Queensland farmers are saving up to $12.5 million in unnecessary nitrogen fertiliser costs under laws to protect the Great Barrier Reef.
Premier Anna Bligh on Thursday tabled in parliament a statement on the impact of recent reef regulations, which showed the annual run-off of fertiliser nitrogen was likely permanently reduced by 14 per cent, or 2500 tonnes.
This represented an average saving of $6000 for each canegrower.
A $50 million, five-year Queensland Reef Protection Package was introduced in 2009 to reduce pesticide and fertiliser pollution by 50 per cent by 2013, and sediment pollution by 20 per cent by 2020.
The regulation required more than 4000 canegrowers, covering nearly 300,000 hectares, to test soil before planting and apply no more than the optimum amount of fertiliser.
Research was also conducted to improve farm profitability.
Ms Bligh said farmers had been largely compliant.
'This is good for the reef and good for the farmers,' Ms Bligh told parliament.

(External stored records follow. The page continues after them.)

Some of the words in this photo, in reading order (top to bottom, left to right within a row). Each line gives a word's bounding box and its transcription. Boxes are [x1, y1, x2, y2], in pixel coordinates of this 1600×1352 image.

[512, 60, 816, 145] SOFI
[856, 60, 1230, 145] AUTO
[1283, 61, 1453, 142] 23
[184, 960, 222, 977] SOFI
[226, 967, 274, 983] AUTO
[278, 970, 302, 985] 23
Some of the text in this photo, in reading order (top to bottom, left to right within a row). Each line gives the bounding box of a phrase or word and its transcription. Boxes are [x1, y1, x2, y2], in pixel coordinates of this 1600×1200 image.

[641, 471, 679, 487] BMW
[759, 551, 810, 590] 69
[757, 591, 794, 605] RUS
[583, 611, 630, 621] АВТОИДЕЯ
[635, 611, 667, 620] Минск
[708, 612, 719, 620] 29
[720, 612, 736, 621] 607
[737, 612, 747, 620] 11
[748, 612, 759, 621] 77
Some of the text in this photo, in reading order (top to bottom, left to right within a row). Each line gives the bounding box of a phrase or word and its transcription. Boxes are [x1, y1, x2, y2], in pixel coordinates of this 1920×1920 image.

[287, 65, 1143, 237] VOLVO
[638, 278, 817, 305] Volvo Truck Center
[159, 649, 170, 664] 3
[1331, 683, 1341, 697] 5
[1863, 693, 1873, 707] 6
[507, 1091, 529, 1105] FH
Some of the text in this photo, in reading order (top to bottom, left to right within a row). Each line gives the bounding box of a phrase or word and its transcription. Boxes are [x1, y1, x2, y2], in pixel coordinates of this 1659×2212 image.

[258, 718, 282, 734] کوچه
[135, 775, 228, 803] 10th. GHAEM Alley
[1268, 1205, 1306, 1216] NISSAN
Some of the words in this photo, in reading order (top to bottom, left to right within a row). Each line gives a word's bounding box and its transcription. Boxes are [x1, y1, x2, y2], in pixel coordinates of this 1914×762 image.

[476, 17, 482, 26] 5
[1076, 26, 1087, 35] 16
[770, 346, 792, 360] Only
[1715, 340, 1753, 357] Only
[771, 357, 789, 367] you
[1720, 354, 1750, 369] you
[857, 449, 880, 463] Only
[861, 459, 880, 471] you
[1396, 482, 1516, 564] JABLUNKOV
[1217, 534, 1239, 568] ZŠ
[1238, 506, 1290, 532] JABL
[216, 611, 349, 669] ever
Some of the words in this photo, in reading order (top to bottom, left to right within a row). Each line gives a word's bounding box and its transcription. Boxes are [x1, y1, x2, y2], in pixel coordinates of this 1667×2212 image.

'Farmers and industry deserve credit for their efforts.' The Queensland Greens say although the state is making progress with fertiliser and pesticide run-off, a massive dredging project for the CSG industry off Gladstone is the biggest threat facing the reef.
Around 46 million cubic tonnes of material is being dredged from the seabed to prepare for the construction of two liquefied natural gas plants and export hubs at Curtis Island, as well as the expansion of the Gladstone port.
Environmentalists say the dredging can be linked to a spate of turtle and dugong deaths, and disease outbreaks in harbour fish.
Greens spokeswoman Libby Connors says it's strange the government would boast about its reef management when UNESCO had requested it cease destructive port development activities in Gladstone a few months ago.
'It is extraordinary that the premier should seek to take any credit given the damage inflicted on parts of the reef this year,' she said in a statement.